Inaugurada em 2009, no plano de expansão universitária, a Faculdade de Medicina da UFRJ em Macaé (RJ) enfrenta problemas de infraestrutura, uma ação civil pública e descontentamento e evasão de alunos e professores.
A pedido de alunos, a Defensoria Pública da União (DPU) move desde março uma ação civil pública na qual pede que os estudantes possam frequentar aulas no tradicional campus do Rio, por falta de condições adequadas em Macaé.
Faltam peças molhadas para as aulas práticas de Patologia e Anatomia, a maioria das matérias de Medicina são conjuntas com Nutrição e Enfermagem, não há laboratórios, as aulas práticas são precárias e escassas e os hospitais na cidade não estão habilitados a orientar os alunos.
Além disso, faltam professores médicos e com mestrado e doutorado. Dos 14 que tinham esses títulos no início do curso, há pouco mais de dois anos, restam apenas quatro. Os demais abandonaram o curso.

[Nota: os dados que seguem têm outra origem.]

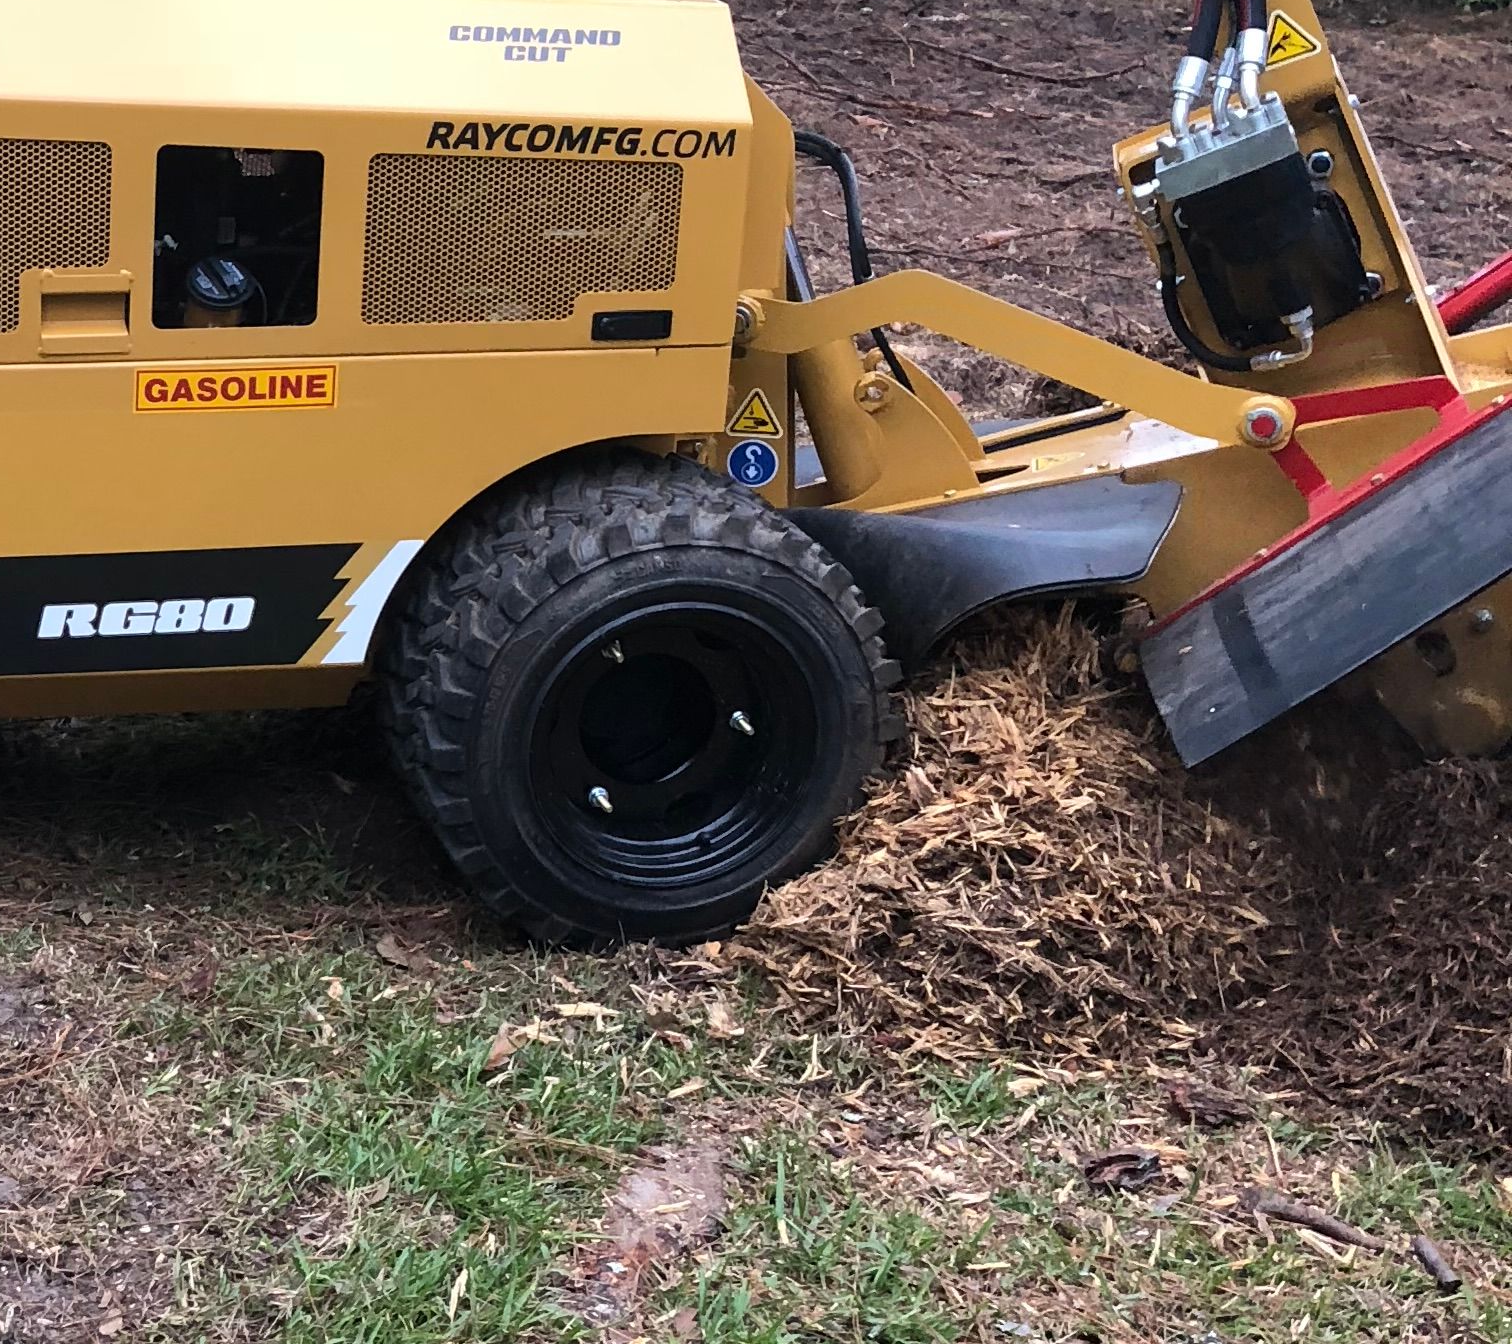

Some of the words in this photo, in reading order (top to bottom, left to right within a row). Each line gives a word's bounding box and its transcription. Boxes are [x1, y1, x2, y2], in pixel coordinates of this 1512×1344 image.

[449, 25, 622, 46] COMMAND
[504, 45, 572, 63] CUT
[425, 120, 737, 159] RAYCOMFG.COM
[143, 373, 328, 403] GASOLINE
[37, 596, 256, 640] RG80
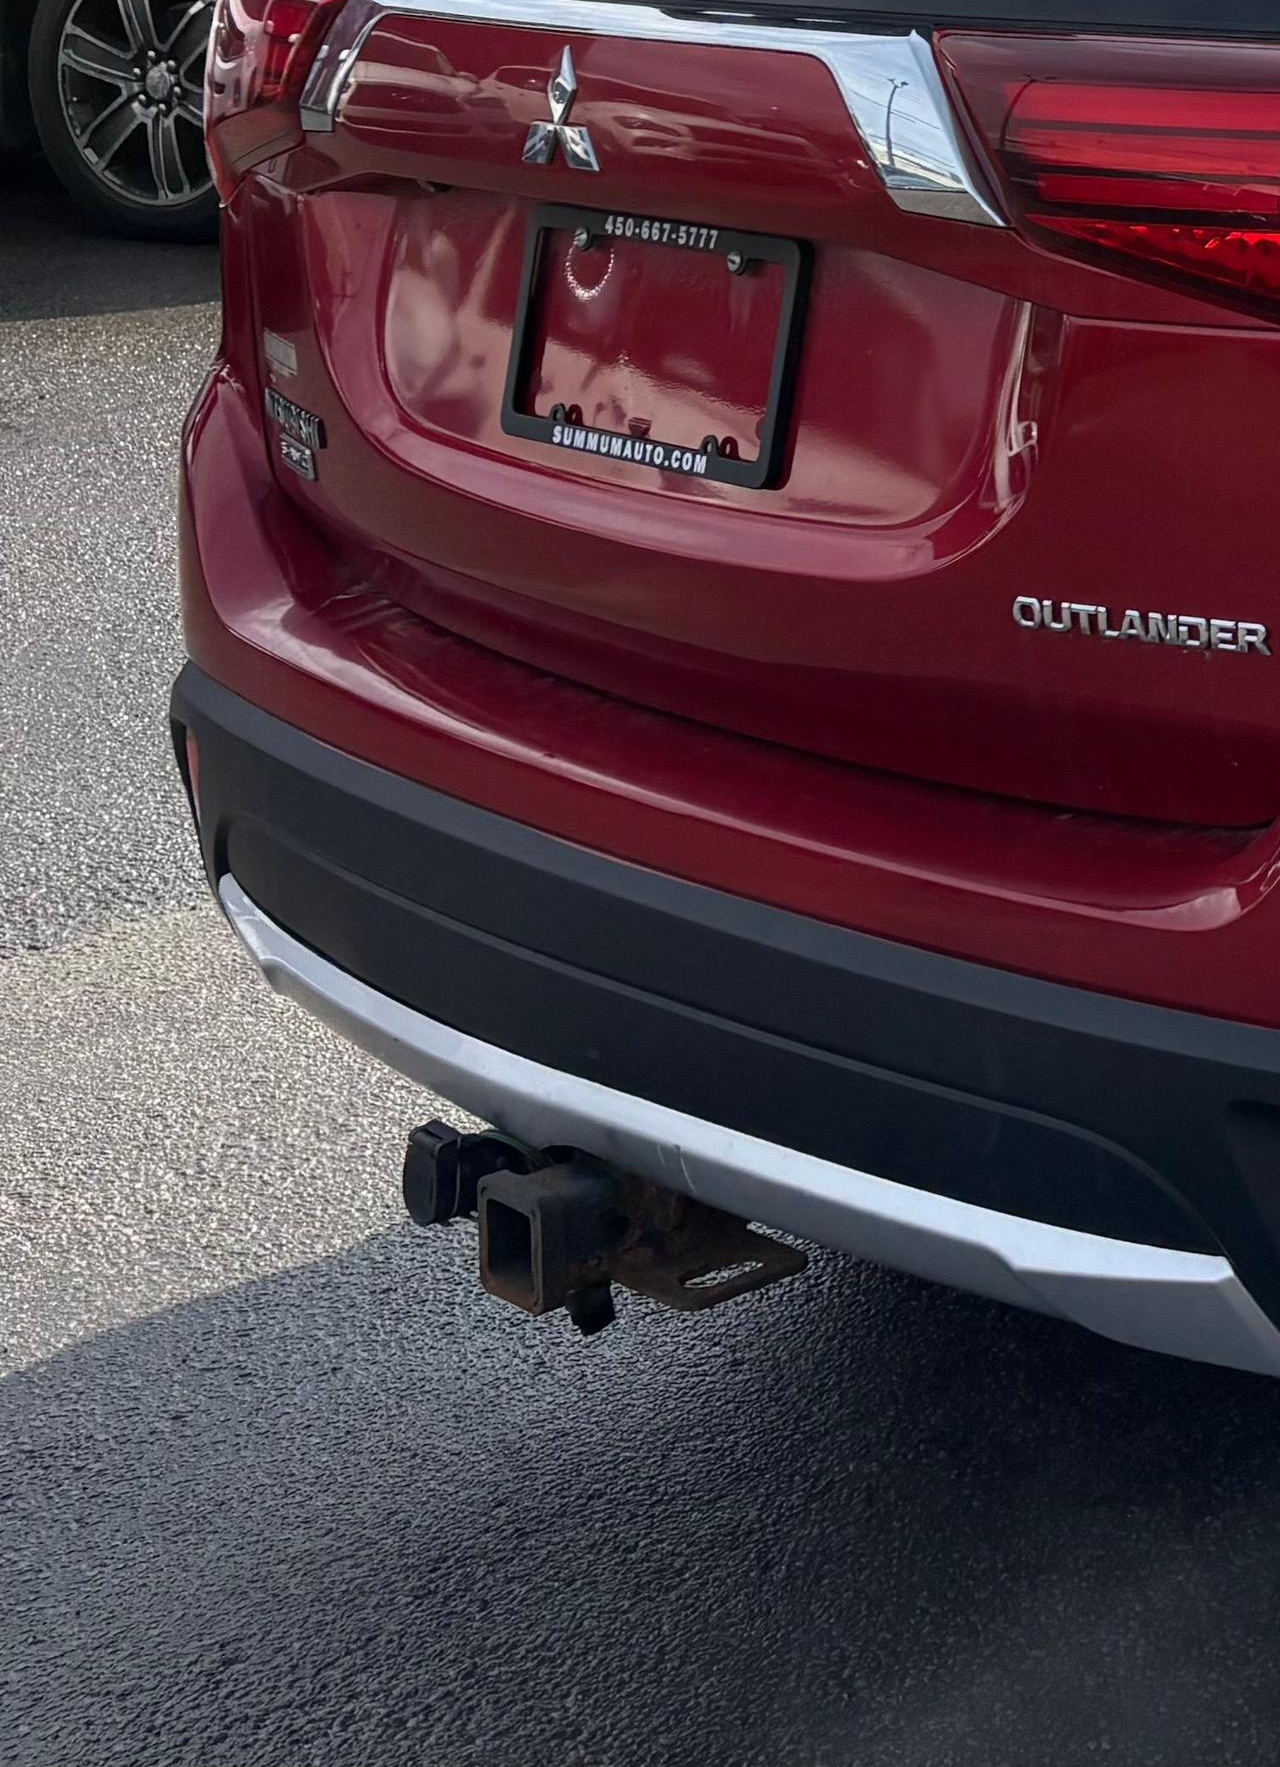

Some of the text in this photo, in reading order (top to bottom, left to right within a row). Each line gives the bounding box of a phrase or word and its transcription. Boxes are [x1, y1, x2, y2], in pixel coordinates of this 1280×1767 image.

[604, 215, 719, 250] 450-667-5777
[552, 424, 708, 475] SUMMUMAUTO.COM
[1012, 595, 1272, 657] OUTLANDER
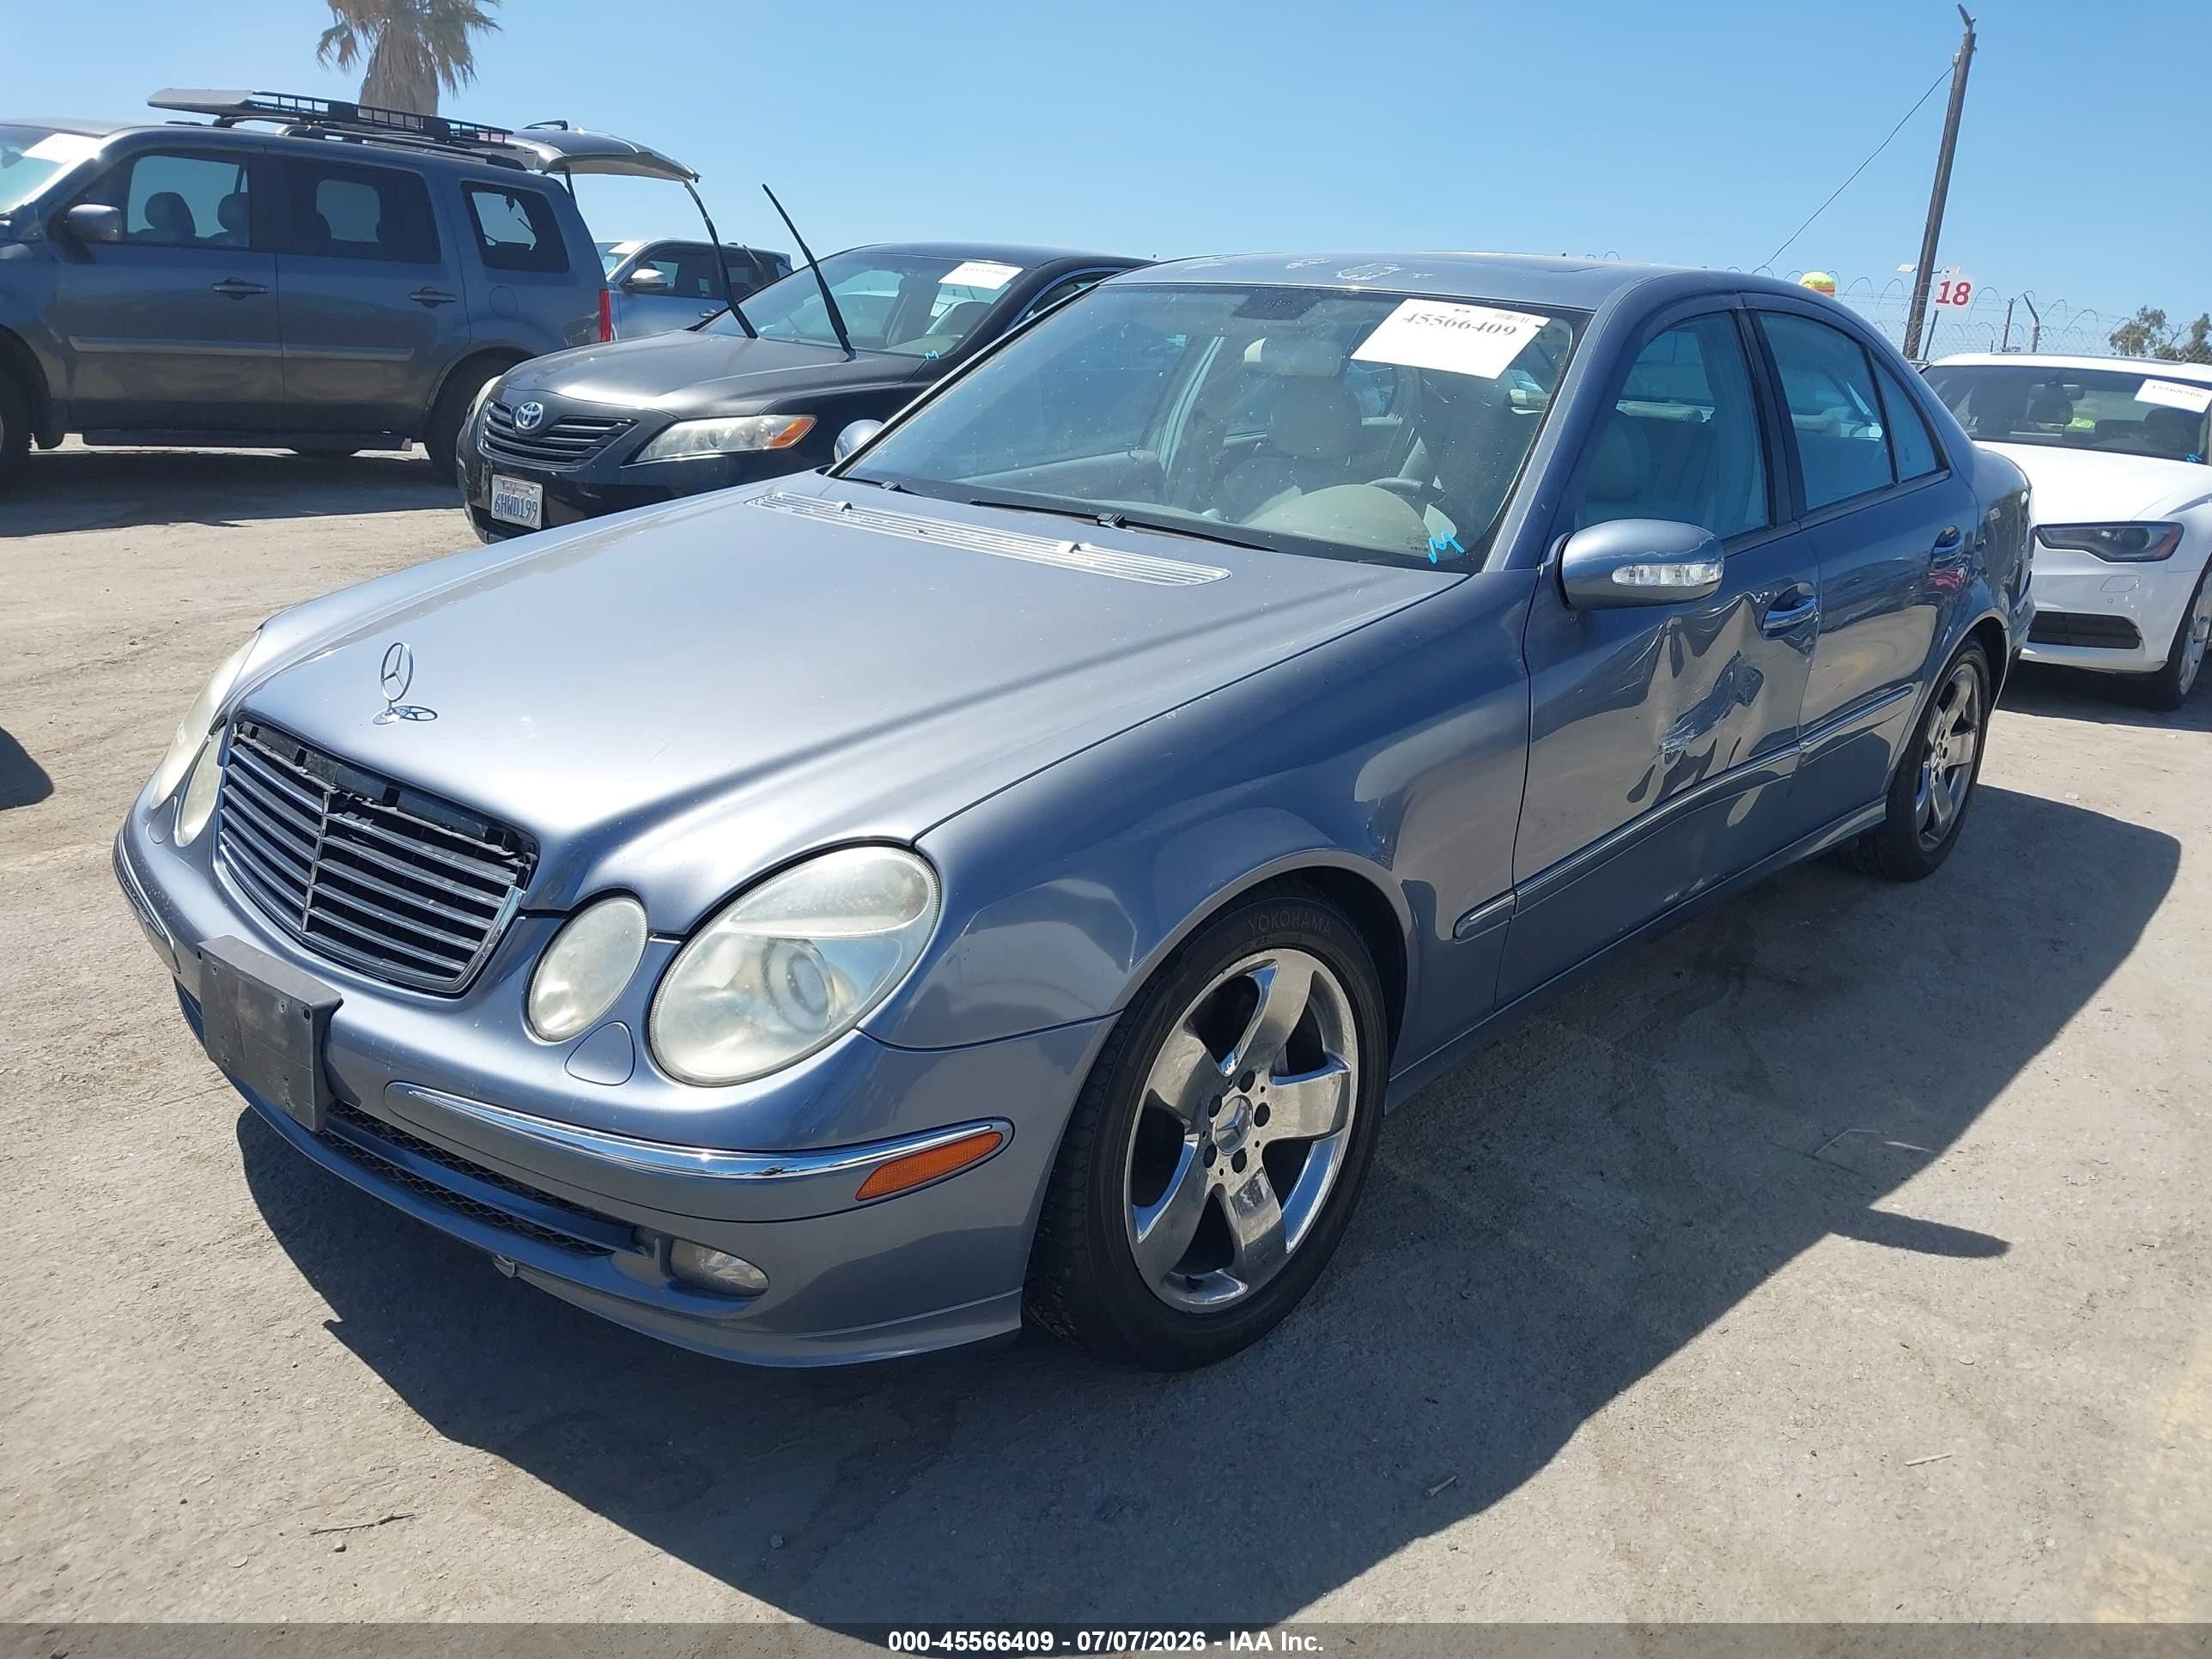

Os estudantes também têm feito o mesmo, às vezes antes mesmo de entrar, diante da má-fama. Na turma de 30 aprovados para começar em março, só 19 se matricularam; restam 12 atualmente. No quarto período, sobraram 12 dos 30 alunos que iniciaram a faculdade. Muitos estudantes pediram transferência, mobilidade acadêmica (transferência, por no máximo um ano e meio), prestaram novo vestibular ou pensam em sair.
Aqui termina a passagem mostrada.